■ **WHAT TO DO**
Please return the data word for word and leave out any picture it contains.

■ **TASK MATERIAL**

------------------------------------------------------------------------

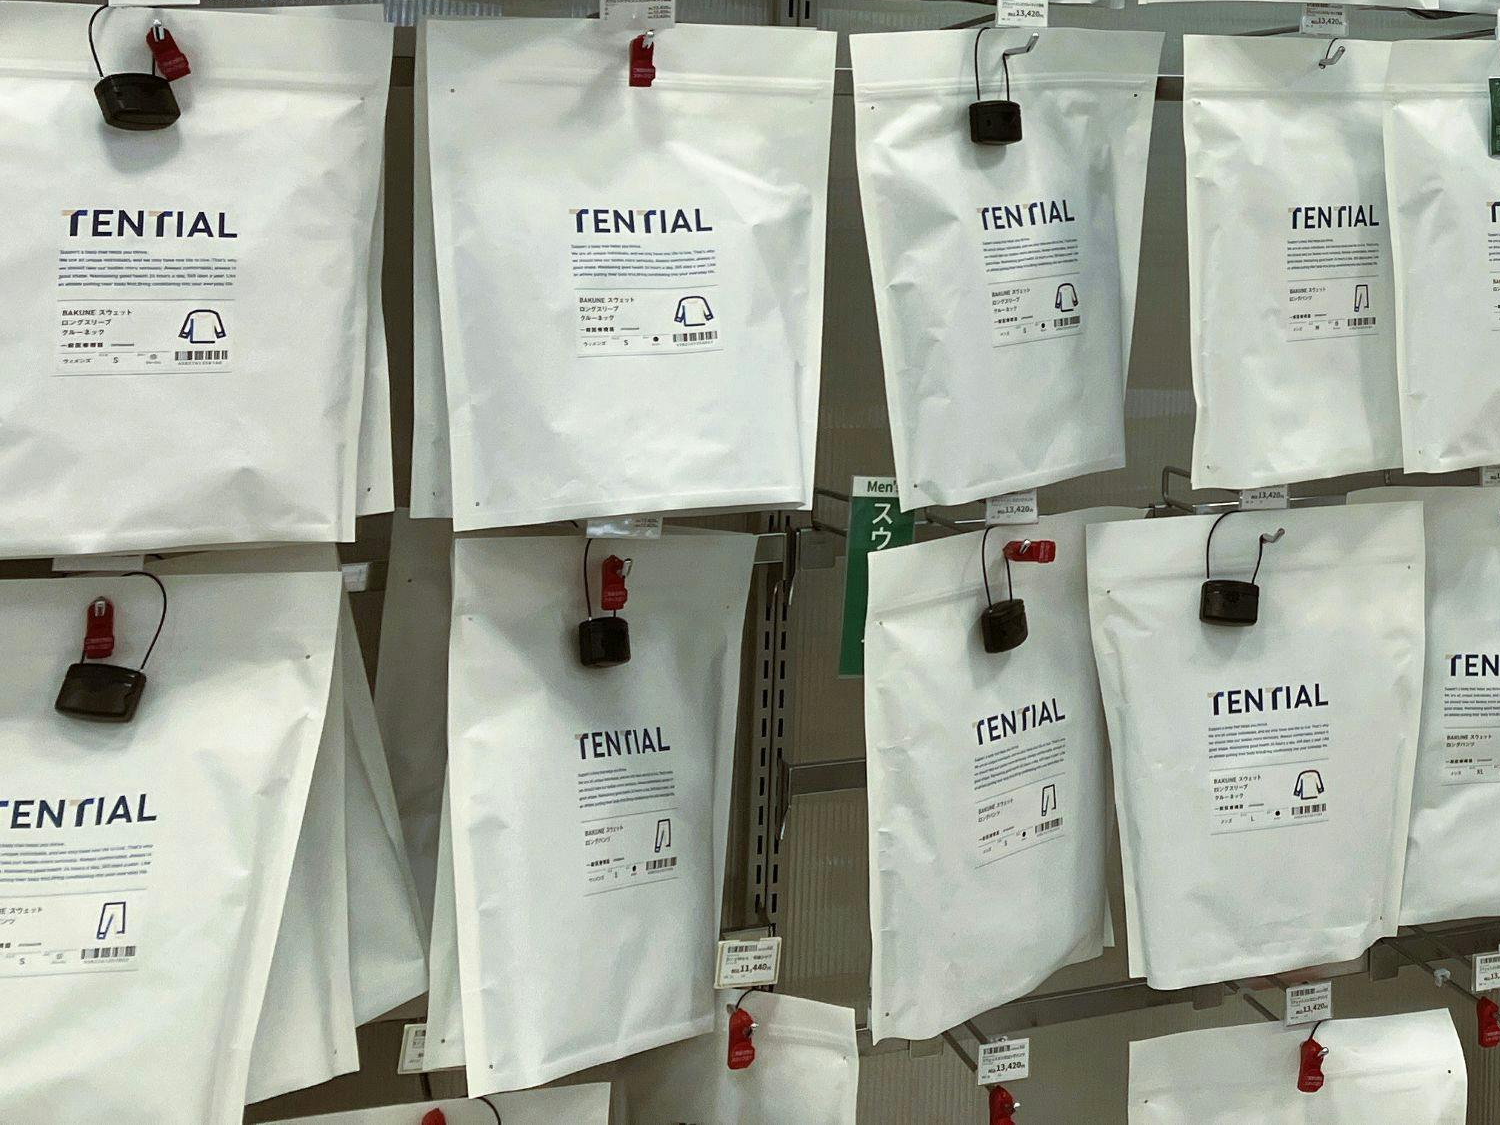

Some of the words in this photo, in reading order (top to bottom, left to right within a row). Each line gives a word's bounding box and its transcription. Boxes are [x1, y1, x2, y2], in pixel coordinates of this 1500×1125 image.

[61, 209, 238, 238] TENTIAL
[569, 208, 713, 233] TENTIAL
[977, 199, 1075, 230] TENTIAL
[1288, 204, 1379, 230] TENTIAL
[1207, 683, 1329, 716] TENTIAL
[972, 698, 1066, 745] TENTIAL
[575, 727, 670, 760] TENTIAL
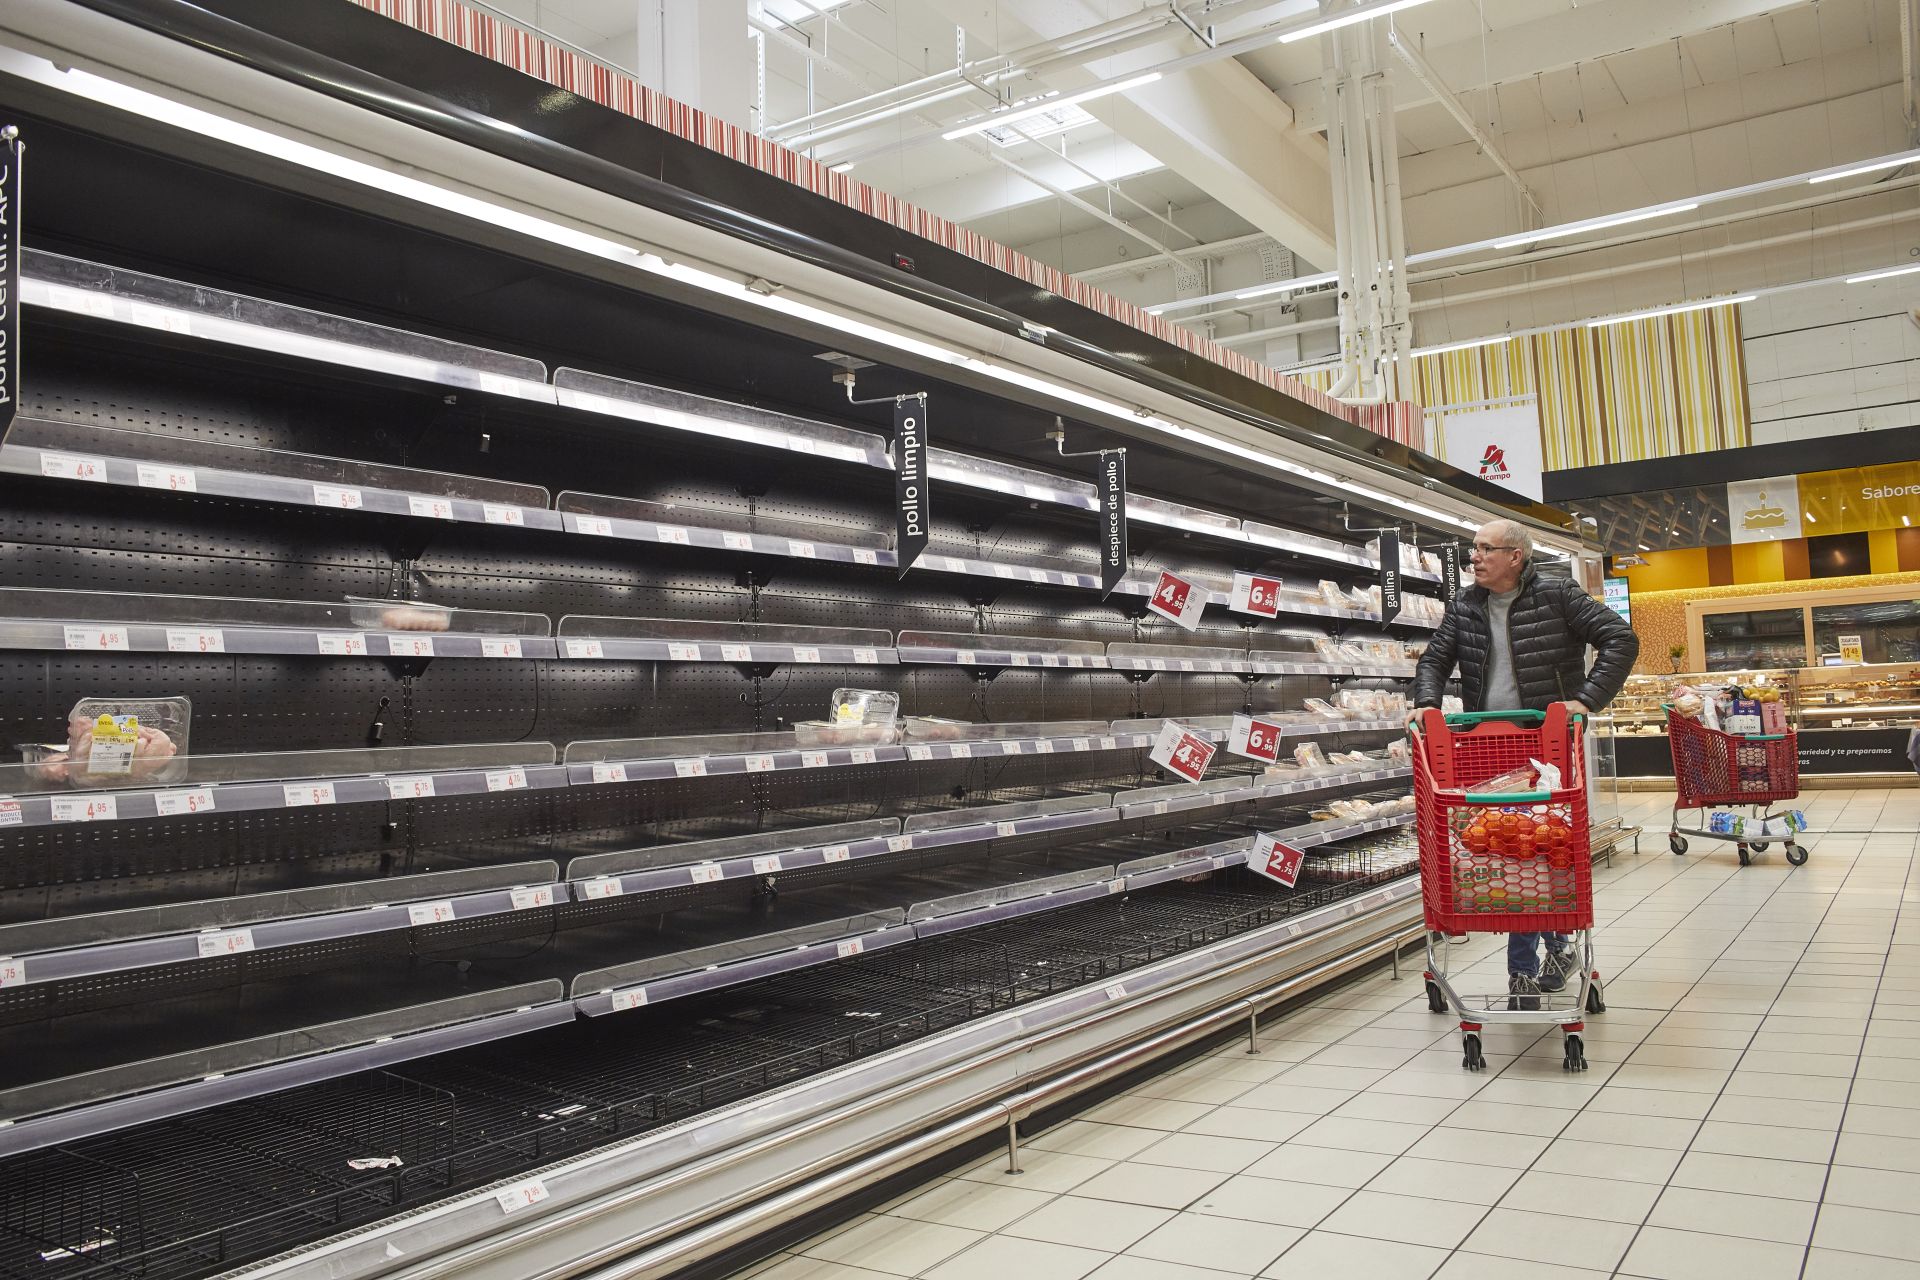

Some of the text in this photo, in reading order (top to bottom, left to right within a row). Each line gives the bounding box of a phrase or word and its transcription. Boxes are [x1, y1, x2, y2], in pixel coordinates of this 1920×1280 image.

[900, 417, 923, 536] pollo limpio
[1106, 461, 1121, 566] despiece de pollo
[1384, 570, 1398, 608] gallina
[1446, 547, 1456, 602] aborados ave
[1797, 748, 1830, 756] variedad
[1830, 749, 1836, 757] y
[1846, 748, 1892, 756] preparamos
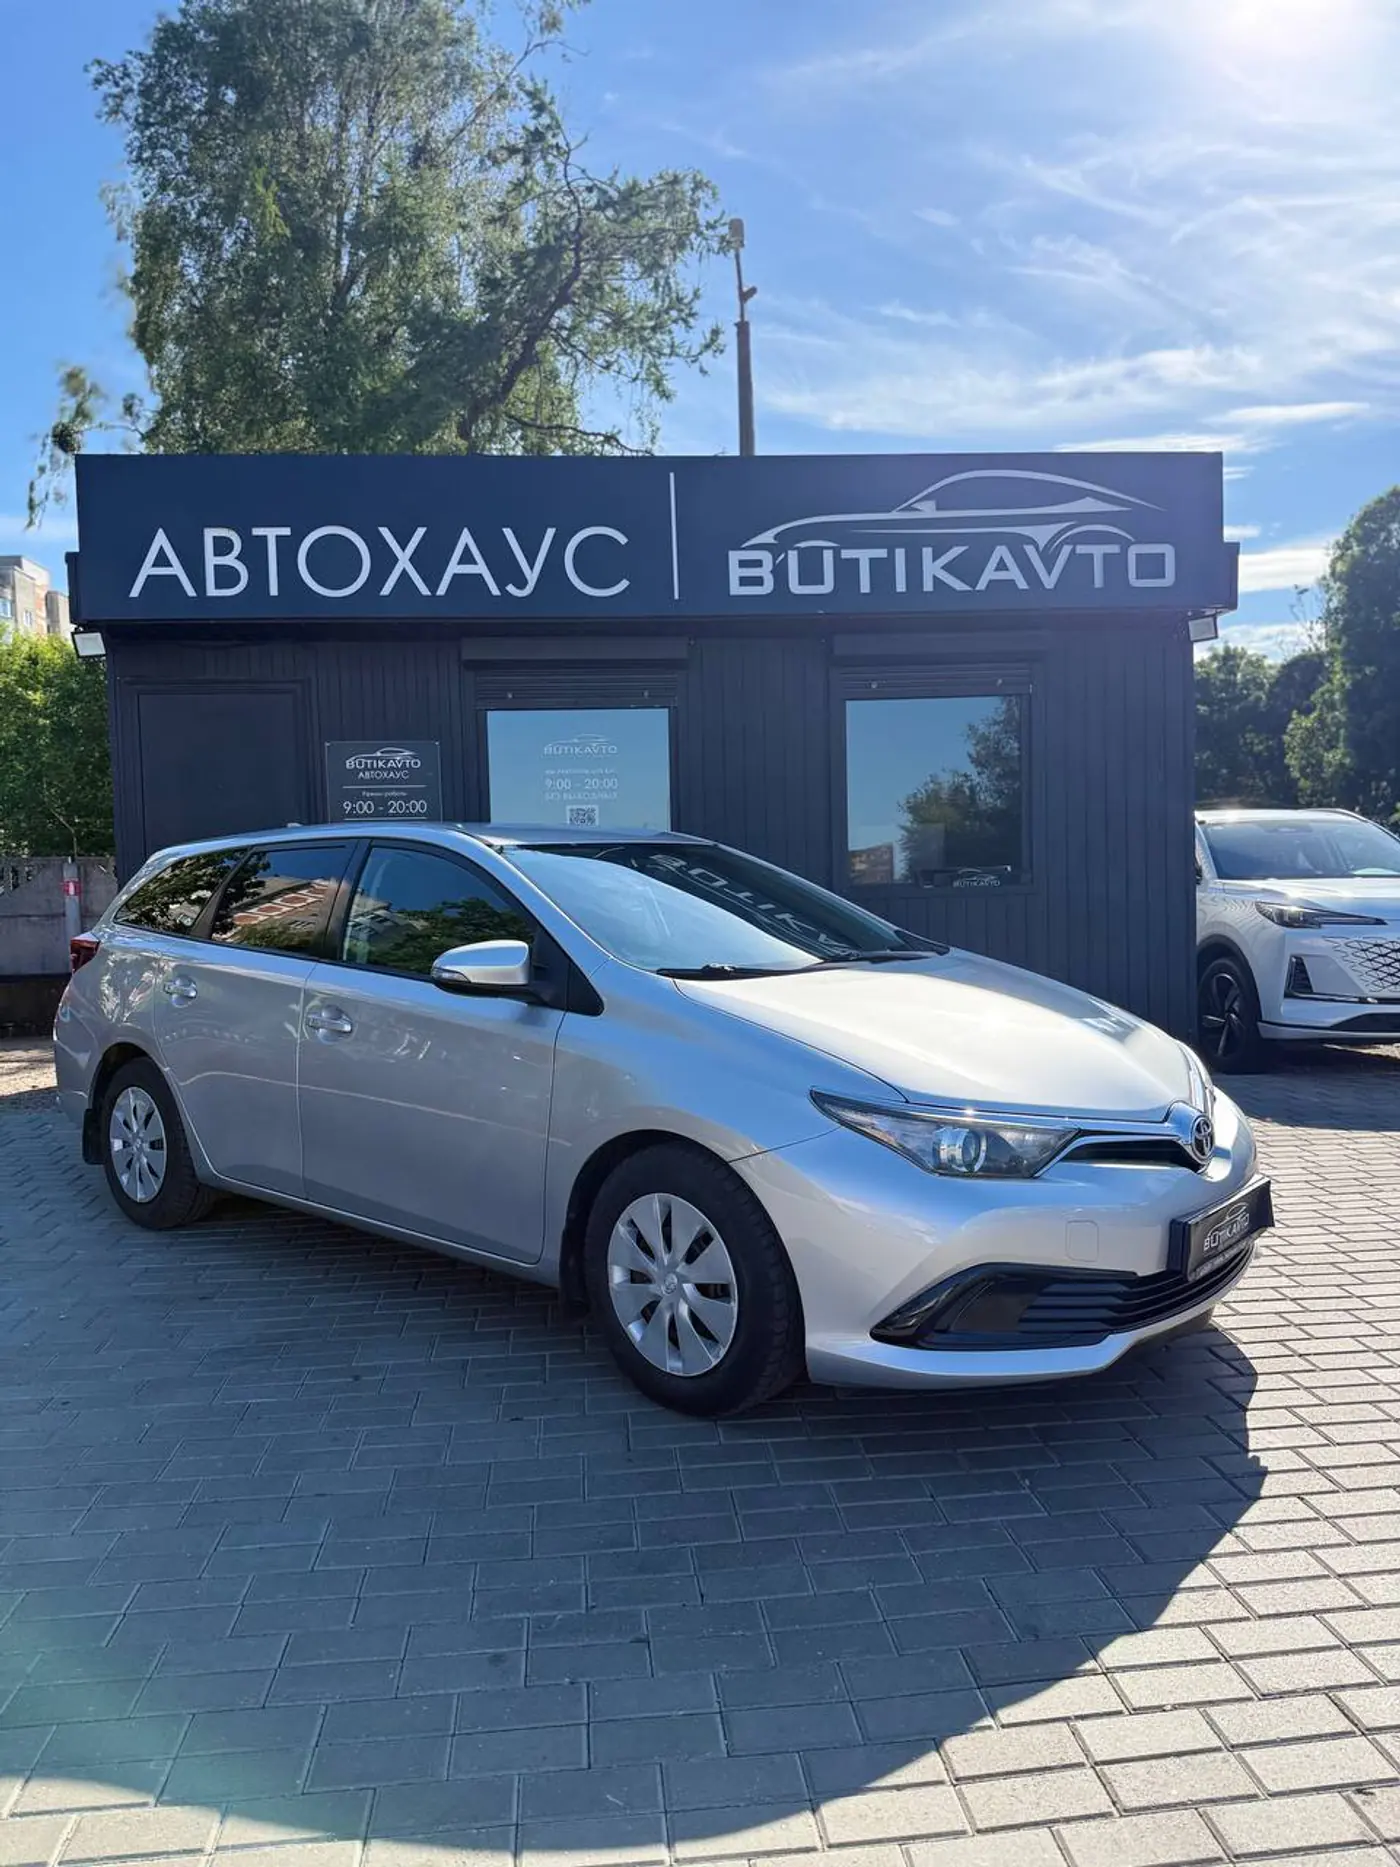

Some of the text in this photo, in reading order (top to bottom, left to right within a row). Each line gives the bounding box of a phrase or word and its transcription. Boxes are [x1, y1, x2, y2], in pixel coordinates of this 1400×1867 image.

------------------------------------------------------------------------

■ **EXERCISE RESPONSE**
Some of the words in this photo, in reading order (top to bottom, left to right within a row). Each line gives a word's bounding box and its transcription. Boxes are [x1, y1, x2, y2], in pixel coordinates of this 1500×1125 image.

[61, 209, 238, 238] TENTIAL
[569, 208, 713, 233] TENTIAL
[977, 199, 1075, 230] TENTIAL
[1288, 204, 1379, 230] TENTIAL
[1207, 683, 1329, 716] TENTIAL
[972, 698, 1066, 745] TENTIAL
[575, 727, 670, 760] TENTIAL

Some of the text in this photo, in reading order (top to bottom, left to right within a row). Each line gives the bounding box of a phrase or word and its transcription. Boxes are [x1, y1, x2, y2], in pixel coordinates of this 1920×1280 image.

[900, 417, 923, 536] pollo limpio
[1106, 461, 1121, 566] despiece de pollo
[1384, 570, 1398, 608] gallina
[1446, 547, 1456, 602] aborados ave
[1797, 748, 1830, 756] variedad
[1830, 749, 1836, 757] y
[1846, 748, 1892, 756] preparamos

Some of the text in this photo, in reading order (top to bottom, left to right within a row). Each line gives the bounding box of a phrase or word and its transcription. Boxes are [x1, y1, x2, y2], in pixel coordinates of this 1400×1867 image.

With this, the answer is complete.